Sponsors of the beleaguered Islander East pipeline project apparently have not given up on the proposed Connecticut-to-Long Island pipeline. In a letter to FERC last Monday, Islander East said it plans to appeal within 40 days a recent federal court decision that many thought was a potentially fatal blow to the project.
Islander East said it intends to ask the U.S. Court of Appeals for the Second Circuit in New York to review a decision by the U.S. District Court in Connecticut, which in late August set aside a U.S. secretary of commerce decision in 2004 that had overruled Connecticut’s objections to the pipeline project (see NGI, Sept. 3).
The district court called the commerce secretary’s decision on the proposed pipeline, which would carry natural gas 45 miles from Connecticut to Long Island, NY, “arbitrary and capricious.” Federal Judge Stefan R. Underhill said the commerce secretary “failed to address an important aspect of [Connecticut’s] problem” and “effectively ignored the adverse effects on oysters” when ruling that shellfish damage would be temporary. He remanded the case to the Department of Commerce for further proceedings.
Connecticut had said the proposed Islander East pipeline failed to comply with the state’s coastal zone management plan. The court said the secretary failed to adequately explain or support his decision with data or evidence.
Islander East is jointly sponsored by Spectra Energy and KeySpan. The $180 million pipeline project, if built, initially would deliver 285,000 Dth/d of gas from New Haven, CT, across Long Island Sound to Suffolk County near Yaphank, NY, with a lateral to be constructed to Calverton, NY. Additionally, Algonquin Gas Transmission, a subsidiary of Spectra Energy, would loop about 13.7 miles of existing pipeline in Connecticut and add a new compressor station in Cheshire, CT. As a result of these upgrades in Connecticut, Algonquin would interconnect with Islander East. Approximately 22 miles of the pipeline would be built on the floor of Long Island Sound.

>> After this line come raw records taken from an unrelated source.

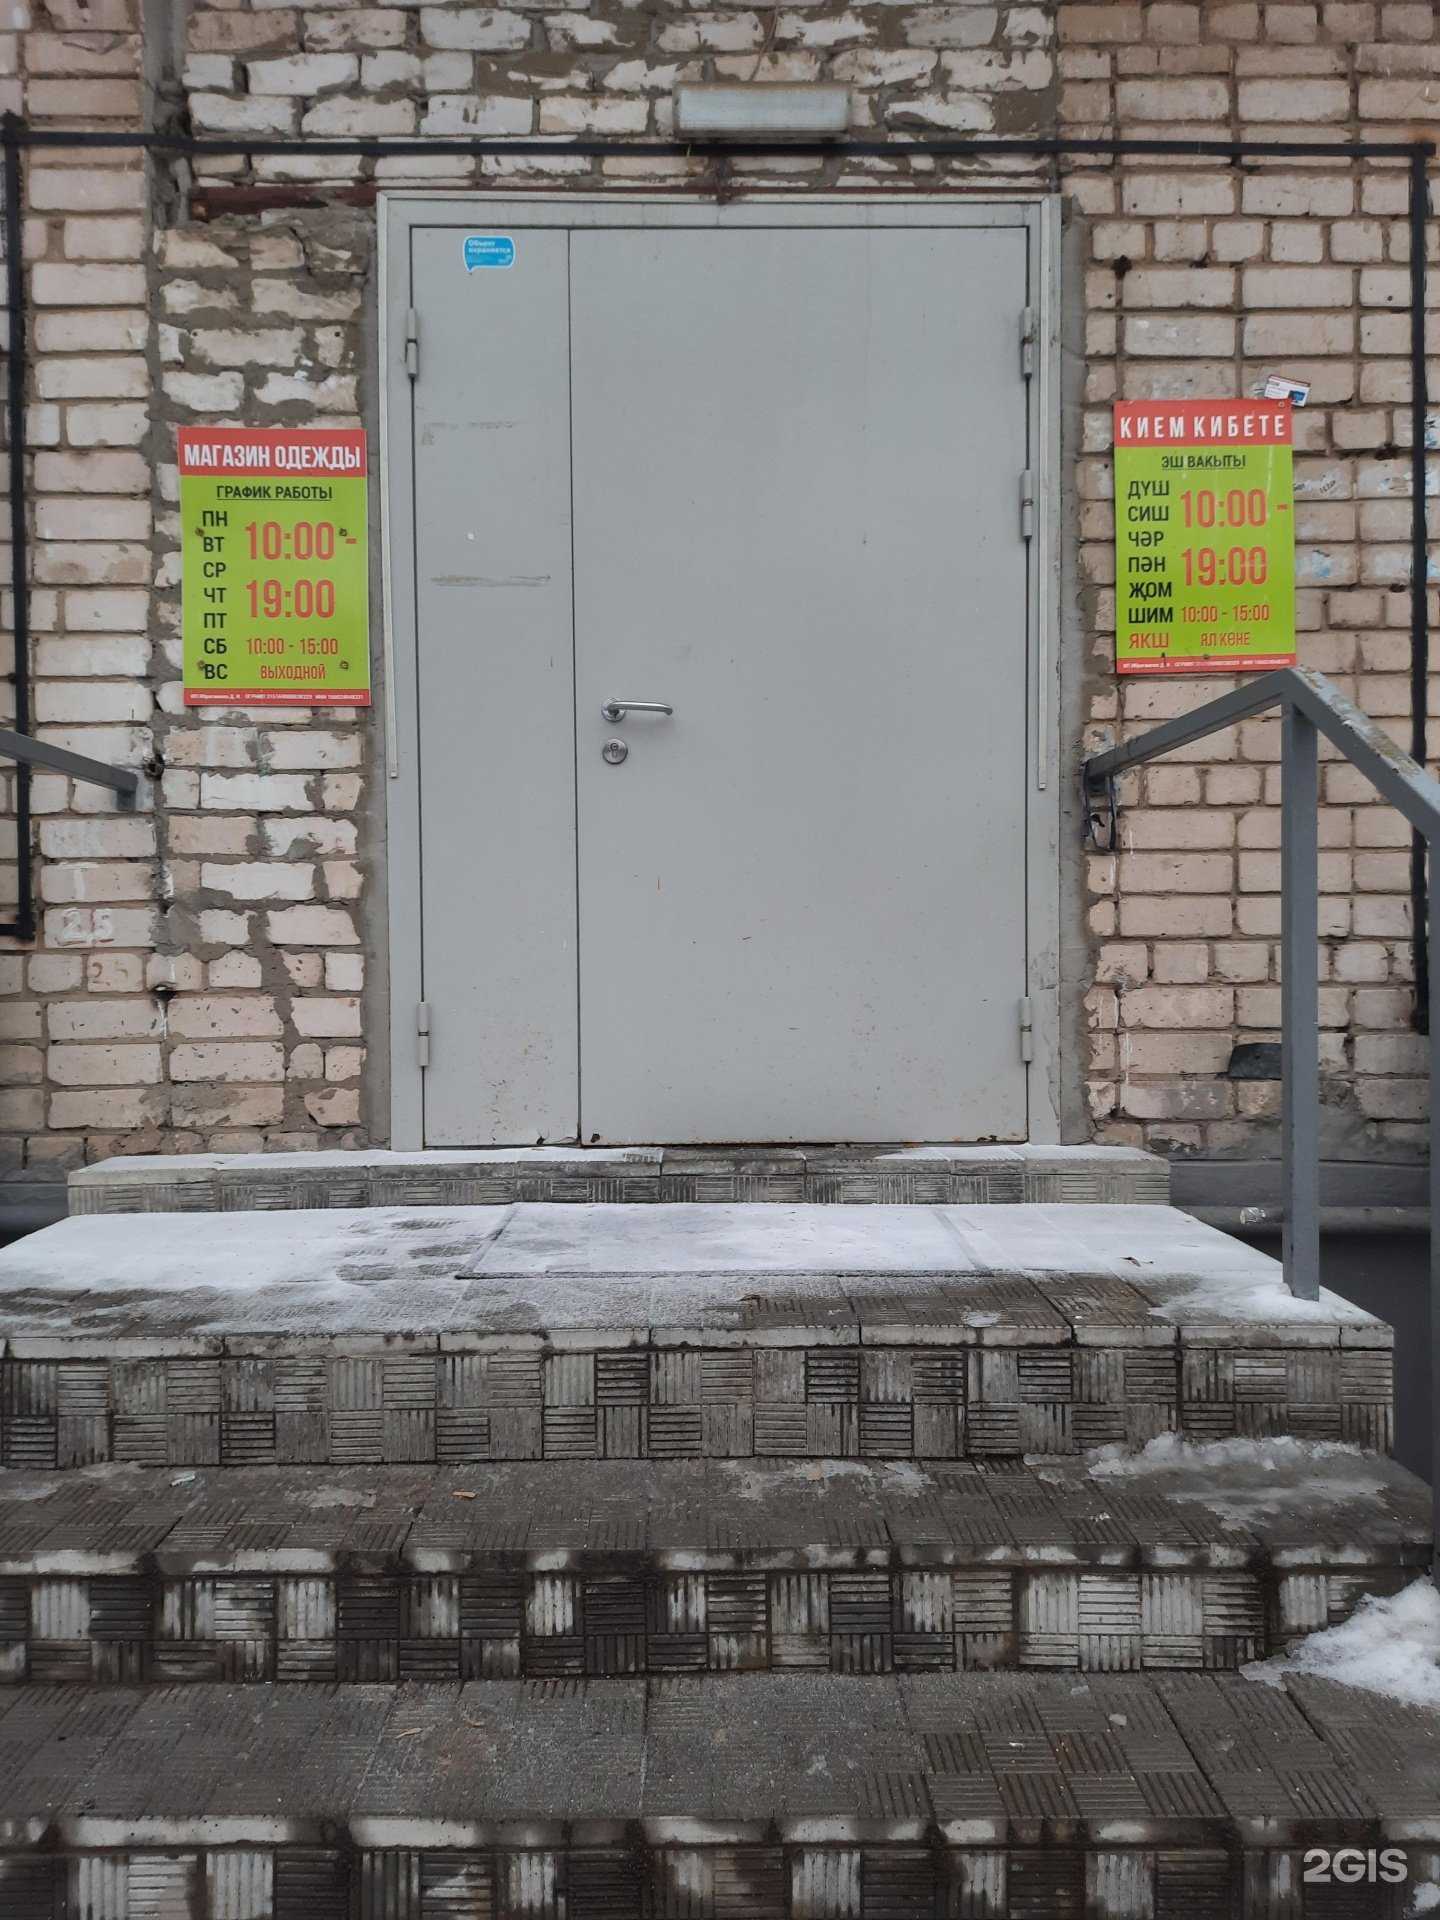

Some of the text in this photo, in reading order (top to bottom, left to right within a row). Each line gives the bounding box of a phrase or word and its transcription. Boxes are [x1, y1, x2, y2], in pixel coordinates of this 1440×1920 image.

[1120, 414, 1285, 439] КИЕМ КИБЕТЕ
[184, 444, 361, 470] МАГАЗИН ОДЕЖДЫ
[1161, 454, 1246, 468] ЭШ ВАКЫТЫ
[216, 485, 333, 500] ГРАФИК РАБОТЫ
[1128, 505, 1169, 522] СИШ
[1180, 489, 1267, 528] 10:00
[202, 510, 228, 527] ПН
[203, 537, 224, 553] ВТ
[245, 521, 335, 560] 10:00
[1128, 531, 1164, 547] ЧӘР
[203, 562, 226, 578] СР
[1128, 556, 1166, 573] ПӘН
[1181, 547, 1267, 586] 19:00
[204, 587, 226, 603] ЧТ
[246, 579, 335, 619] 19:00
[204, 613, 227, 628] ПТ
[1128, 607, 1173, 624] ШИМ
[1182, 606, 1218, 623] 10:00
[1233, 604, 1270, 621] 15:00
[204, 638, 227, 654] СБ
[246, 638, 284, 655] 10:00
[300, 638, 339, 655] 15:00
[1129, 633, 1169, 649] ЯКШ
[204, 662, 326, 681] ВС ВЫХОДНОЙ

“There remains a real need for the gas that this project could transport, and Islander East and Algonquin remain committed to the project and are confident that they will in due course obtain all needed permits,” they said in their letter to FERC.
The proposed Islander East pipeline has been at the center of a lengthy legal dispute since it was first approved by the Federal Energy Regulatory Commission (FERC) in September 2002 (see NGI, Sept. 23, 2002). The state of Connecticut initially interrupted the Islander East project by claiming that it was inconsistent with its Coastal Zone Management Act statute, which gives states the right to block projects that they view as detrimental to their coastal areas. But former Commerce Department Secretary Donald Evans in May 2004 overturned the state’s decision (see NGI, May 10, 2004).
In March of this year, Islander East seemed to have won a key victory when the U.S. District Court of New Haven rejected arguments by Connecticut’s attorney general, the state Department of Environmental Protection (DEP) and the Town of Branford, CT, ruling that the proposed natural gas pipeline did not require a state permit under Connecticut’s Structures, Dredging and Fill Act (see NGI, April 2). Since the project had already been approved by the FERC, the court said the FERC certificate superseded the state permitting requirement.
A required water permit has been denied twice by the Connecticut DEP. Islander East’s appeal of the second denial is pending in the Second Circuit court. “That case has been fully briefed and argued, and a decision is expected imminently,” Islander East told FERC Monday.
Islander East previously challenged the DEP decision in state Superior Court in Hartford, CT, where the case had languished. The Energy Policy Act of 2005 (EPAct), however, gave interstate pipelines the power for the first time to seek recourse in the federal courts when states oppose FERC-approved projects and refuse to issue permits. Islander East was the first energy-related company to file a court challenge based on language contained in EPAct.
As a result of the problems with Connecticut, Islander East has asked FERC — for the third time — to grant a two-year extension of the deadline to complete the proposed pipeline and related Algonquin facilities. FERC granted the request last week, putting the deadline for completion of the project now at Sept. 19, 2009.
Islander East noted it has “obtained the needed Section 401 water quality certification from New York and is continuing to take all necessary steps to obtain Section 401 certification from Connecticut and the Section 404 permit” from the Army Corps of Engineers. It said it expects the Army Corps’ permit to be issued “in due course.”